Aim of the task: In this exercise, write out the data word for word and leave every image out.

──────── Data for processing

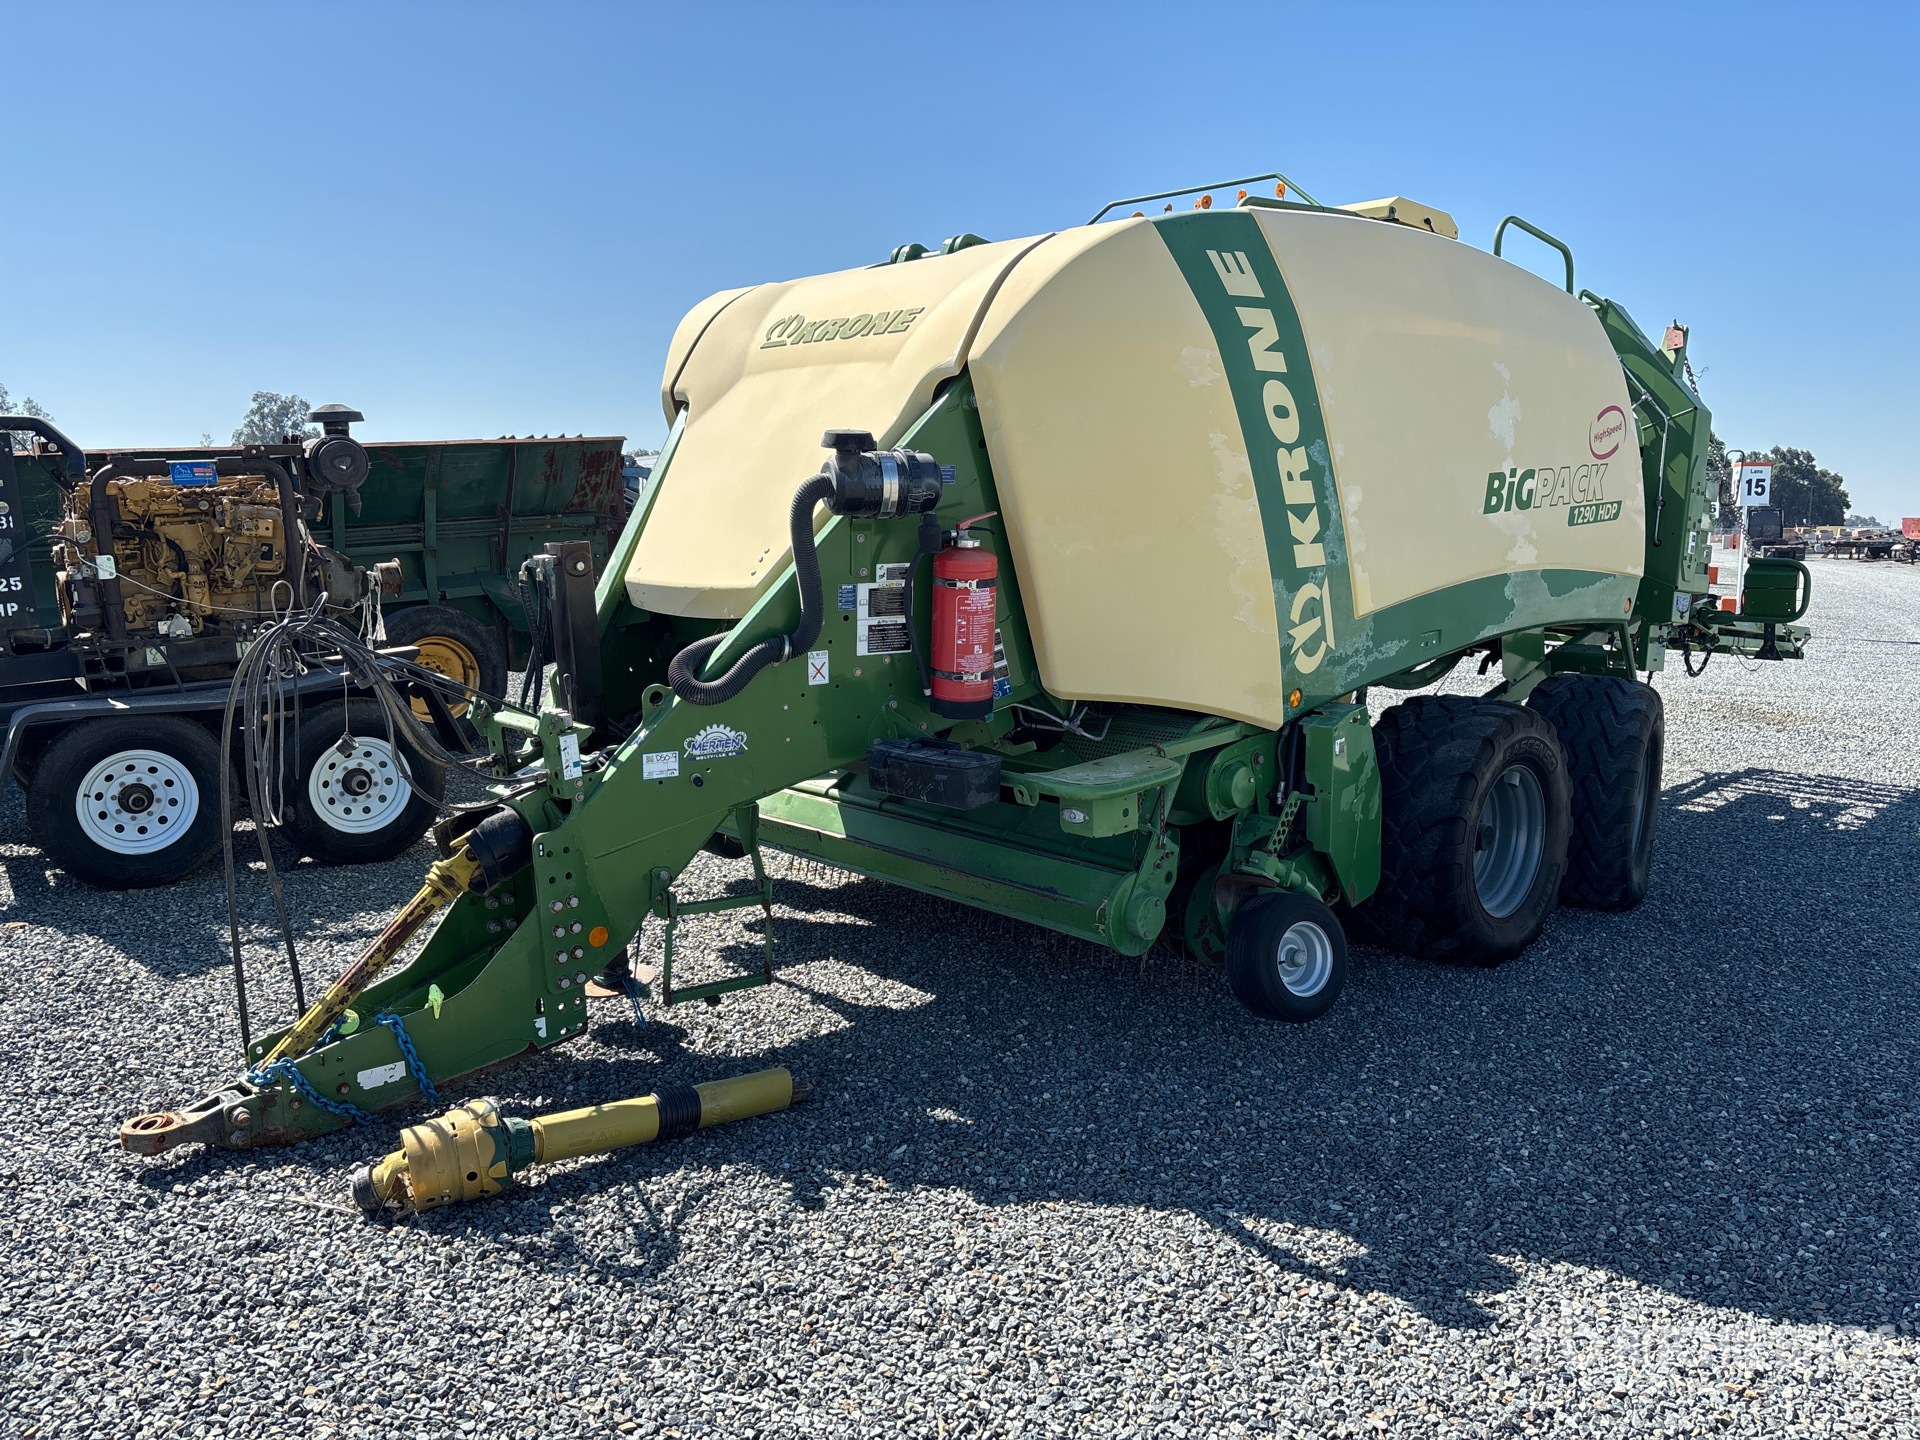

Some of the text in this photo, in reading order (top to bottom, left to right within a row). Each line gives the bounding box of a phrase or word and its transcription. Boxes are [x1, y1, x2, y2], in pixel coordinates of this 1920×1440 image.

[790, 306, 926, 346] KRONE
[1205, 249, 1326, 569] KRONE
[1593, 420, 1623, 443] HighSpeed
[1745, 478, 1766, 496] 15
[1573, 503, 1618, 525] 1290 HDP
[691, 737, 741, 752] MERTEN

────────────────

Written solution:
Some of the text in this photo, in reading order (top to bottom, left to right within a row). Each line gives the bounding box of a phrase or word and its transcription. Boxes are [x1, y1, x2, y2], in pixel coordinates of this 1920×1440 image.

[790, 306, 926, 346] KRONE
[1205, 249, 1326, 569] KRONE
[1593, 420, 1623, 443] HighSpeed
[1745, 478, 1766, 496] 15
[1573, 503, 1618, 525] 1290 HDP
[691, 737, 741, 752] MERTEN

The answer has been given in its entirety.